WORK REQUIRED: Copy every record below exactly as it stands.

__________________________________________________

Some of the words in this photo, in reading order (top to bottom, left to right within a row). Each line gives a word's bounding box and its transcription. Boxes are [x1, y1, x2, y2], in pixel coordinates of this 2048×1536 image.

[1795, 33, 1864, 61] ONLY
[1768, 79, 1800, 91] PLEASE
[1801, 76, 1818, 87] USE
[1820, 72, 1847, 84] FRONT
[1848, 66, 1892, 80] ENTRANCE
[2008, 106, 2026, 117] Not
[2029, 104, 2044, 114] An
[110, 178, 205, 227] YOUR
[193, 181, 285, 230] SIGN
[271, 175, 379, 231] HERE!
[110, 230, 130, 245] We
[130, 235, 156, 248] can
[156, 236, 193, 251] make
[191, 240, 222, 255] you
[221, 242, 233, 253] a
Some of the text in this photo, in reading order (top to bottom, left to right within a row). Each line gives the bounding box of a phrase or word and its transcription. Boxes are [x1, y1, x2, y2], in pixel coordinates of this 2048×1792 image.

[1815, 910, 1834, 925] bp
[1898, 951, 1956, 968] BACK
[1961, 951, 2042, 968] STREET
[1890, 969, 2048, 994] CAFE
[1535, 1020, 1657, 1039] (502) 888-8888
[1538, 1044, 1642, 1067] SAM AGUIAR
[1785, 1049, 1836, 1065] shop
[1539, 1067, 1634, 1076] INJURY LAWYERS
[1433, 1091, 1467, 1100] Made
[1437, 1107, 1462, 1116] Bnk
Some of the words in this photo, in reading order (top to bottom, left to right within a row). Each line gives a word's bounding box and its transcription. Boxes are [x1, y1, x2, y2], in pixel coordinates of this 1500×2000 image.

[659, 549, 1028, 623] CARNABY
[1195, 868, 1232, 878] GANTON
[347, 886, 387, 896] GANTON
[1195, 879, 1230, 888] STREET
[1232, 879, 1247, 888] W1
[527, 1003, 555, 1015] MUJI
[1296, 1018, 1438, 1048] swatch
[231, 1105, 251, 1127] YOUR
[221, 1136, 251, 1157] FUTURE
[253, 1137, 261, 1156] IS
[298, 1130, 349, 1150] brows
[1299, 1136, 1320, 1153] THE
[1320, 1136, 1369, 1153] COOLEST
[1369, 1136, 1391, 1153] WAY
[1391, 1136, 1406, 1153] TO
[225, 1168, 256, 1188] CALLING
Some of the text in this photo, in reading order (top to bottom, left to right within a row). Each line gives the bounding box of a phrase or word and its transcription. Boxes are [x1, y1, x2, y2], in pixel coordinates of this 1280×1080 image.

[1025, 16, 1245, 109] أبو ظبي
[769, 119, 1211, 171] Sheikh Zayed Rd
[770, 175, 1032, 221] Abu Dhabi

__________________________________________________

TASK RESPONSE:
Some of the words in this photo, in reading order (top to bottom, left to right within a row). Each line gives a word's bounding box and its transcription. Boxes are [x1, y1, x2, y2], in pixel coordinates of this 2048×1536 image.

[1795, 33, 1864, 61] ONLY
[1768, 79, 1800, 91] PLEASE
[1801, 76, 1818, 87] USE
[1820, 72, 1847, 84] FRONT
[1848, 66, 1892, 80] ENTRANCE
[2008, 106, 2026, 117] Not
[2029, 104, 2044, 114] An
[110, 178, 205, 227] YOUR
[193, 181, 285, 230] SIGN
[271, 175, 379, 231] HERE!
[110, 230, 130, 245] We
[130, 235, 156, 248] can
[156, 236, 193, 251] make
[191, 240, 222, 255] you
[221, 242, 233, 253] a
Some of the text in this photo, in reading order (top to bottom, left to right within a row). Each line gives the bounding box of a phrase or word and its transcription. Boxes are [x1, y1, x2, y2], in pixel coordinates of this 2048×1792 image.

[1815, 910, 1834, 925] bp
[1898, 951, 1956, 968] BACK
[1961, 951, 2042, 968] STREET
[1890, 969, 2048, 994] CAFE
[1535, 1020, 1657, 1039] (502) 888-8888
[1538, 1044, 1642, 1067] SAM AGUIAR
[1785, 1049, 1836, 1065] shop
[1539, 1067, 1634, 1076] INJURY LAWYERS
[1433, 1091, 1467, 1100] Made
[1437, 1107, 1462, 1116] Bnk
Some of the words in this photo, in reading order (top to bottom, left to right within a row). Each line gives a word's bounding box and its transcription. Boxes are [x1, y1, x2, y2], in pixel coordinates of this 1500×2000 image.

[659, 549, 1028, 623] CARNABY
[1195, 868, 1232, 878] GANTON
[347, 886, 387, 896] GANTON
[1195, 879, 1230, 888] STREET
[1232, 879, 1247, 888] W1
[527, 1003, 555, 1015] MUJI
[1296, 1018, 1438, 1048] swatch
[231, 1105, 251, 1127] YOUR
[221, 1136, 251, 1157] FUTURE
[253, 1137, 261, 1156] IS
[298, 1130, 349, 1150] brows
[1299, 1136, 1320, 1153] THE
[1320, 1136, 1369, 1153] COOLEST
[1369, 1136, 1391, 1153] WAY
[1391, 1136, 1406, 1153] TO
[225, 1168, 256, 1188] CALLING
Some of the text in this photo, in reading order (top to bottom, left to right within a row). Each line gives the bounding box of a phrase or word and its transcription. Boxes are [x1, y1, x2, y2], in pixel coordinates of this 1280×1080 image.

[1025, 16, 1245, 109] أبو ظبي
[769, 119, 1211, 171] Sheikh Zayed Rd
[770, 175, 1032, 221] Abu Dhabi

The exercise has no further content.